MBC南日本放送
校長先生の卒業式
生徒たちがサプライズ
「右の者は37年間の公立学校教員の
課程を修了したことを証する」―
生徒らが読み上げたその言葉に、
体育館は温かな拍手に包まれた。
鹿児島市の甲南中学校で、
校長の定年退職を前に、
生徒たちがサプライズを仕掛けた。
その名も「校長先生の卒業式」。
英語教諭として37年間、鹿児島市や
屋久島町など県内一円で教壇に立ち
続けた岩脇勝広校長(60)のために、
生徒たちが秘密裏に準備を進めてきた
特別な式典だ。
3月24日、朝の校内放送が流れる中、
体育館では生徒たちが忙しく動き回る。
ステージの階段の設置や、壇上の
飾りつけなどを手分けして準備を進める。
「ユーモアがあって、楽しい校長先生
でした」そう話す甲南中学生徒会の
八木友晴さん。
「これ、校長先生は知ってるの?」と
尋ねると、「いいえ、知りません」。
岩脇校長はこの日、自分の卒業式が
あることを全く知らされていなかった。
生徒たちの手によって舞台の背面には
「祝 役職定年 岩脇勝広校長先生」と
書かれた横断幕が掲げられ、机の上に
花が飾られた。

知覧町(現・南九州市)出身の岩脇校長は、
英語教諭として長年にわたり県内各地の
子どもたちに向き合い、甲南中学校の
校長として定年の日を迎えようとしていた。
校長には、「全校朝会」ということにして、
生徒会が校長室へ呼びに行く。
卒業証書、授与 ――
37年間の軌跡を一枚に
体育館に集まった生徒たちは制服姿で
床に座り、式の始まりを待った。
やがて、花のコサージュを胸につけた
スーツ姿の岩脇校長が壇上の椅子に
案内された。
司会を務める生徒が「卒業証書、授与」
と発すると、岩脇校長は「えっ」と
驚いたように2回背筋をそらし、
笑顔でいすを立ってステージ中央へ
向かった。

演台を挟んでいつもは校長が立つ側に
生徒が、生徒が立つ側に岩脇校長が
「きをつけ」の姿勢で背筋を伸ばす。
読み上げられた証書の文面には
「第28代 鹿児島市立甲南中学校長
岩脇勝広」と書かれていた。
名前のあと、「右の者は、37年間の
公立学校教員の課程を修了したことを
証する」という声が体育館に響いた。

生徒の手から証書を受け取った校長は
「ありがとうございます」と深々と
頭を下げた。
証書を受け取った岩脇校長は、壇上
から生徒たちへ言葉を贈った。
「皆さん、今日は私のためにこのような
企画をしていただきました。
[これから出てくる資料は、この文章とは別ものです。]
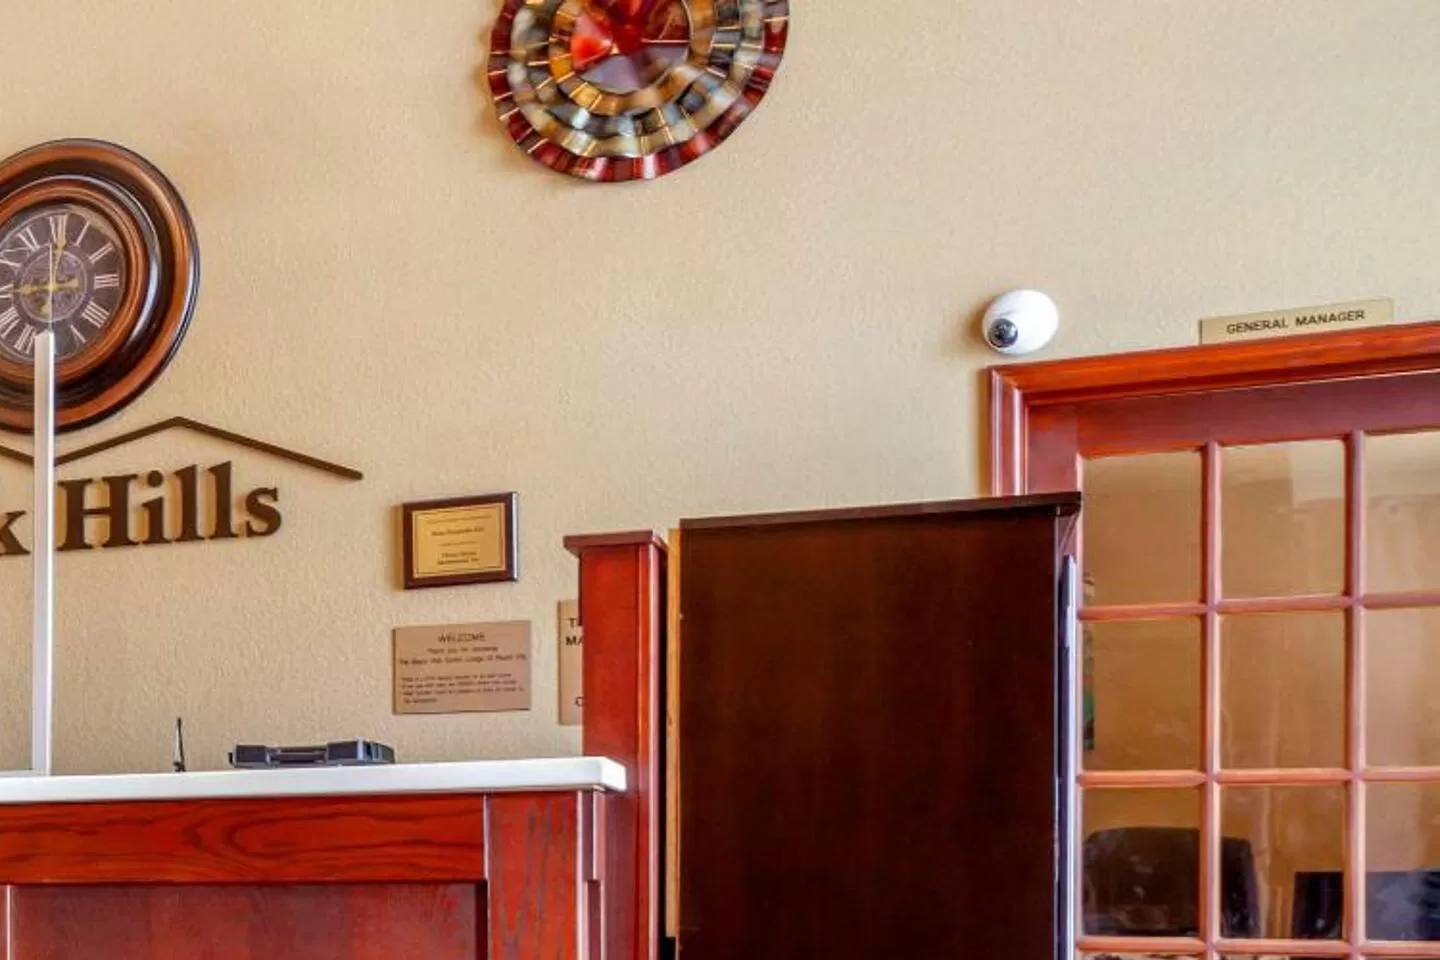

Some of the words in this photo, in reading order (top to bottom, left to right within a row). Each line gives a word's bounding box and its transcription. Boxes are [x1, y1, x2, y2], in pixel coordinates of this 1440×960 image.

[1226, 318, 1289, 334] GENERAL
[1295, 309, 1365, 326] MANAGER
[57, 460, 282, 551] Hills
本当に
ありがとうございます」
そして、教師として積み重ねてきた
37年間の思いを込めて、こう続けた。
「皆さん方はひとりひとり、これから
無限の可能性を持っています。
まだ、その自分の良さに気づいてない
人もいるでしょう。しかし、それは
誰かがそっと教えてくれます。
自分の良さを導き出して、自分の
可能性を信じて、最後まで突き進んで
ください」
卒業証書を手に退場する岩脇校長の
周囲では、生徒たちが拍手を送り続けた。
37年という歳月が凝縮された瞬間だった。

式を終えた岩脇校長に、体育館の
外で話を聞いた。
「このような企画があるというのは
知らされていなかったものですから、
非常に感無量です」
「甲南中の校長で終えられるのは
非常に誇りに思っています。
これからも甲南中が元気であって
ほしいと思っています」
37年間の教師生活を歩み終えた校長に
生徒たちが贈った「卒業式」。
先生から生徒へ、生徒から先生へ――
学びと感謝のバトンが渡された。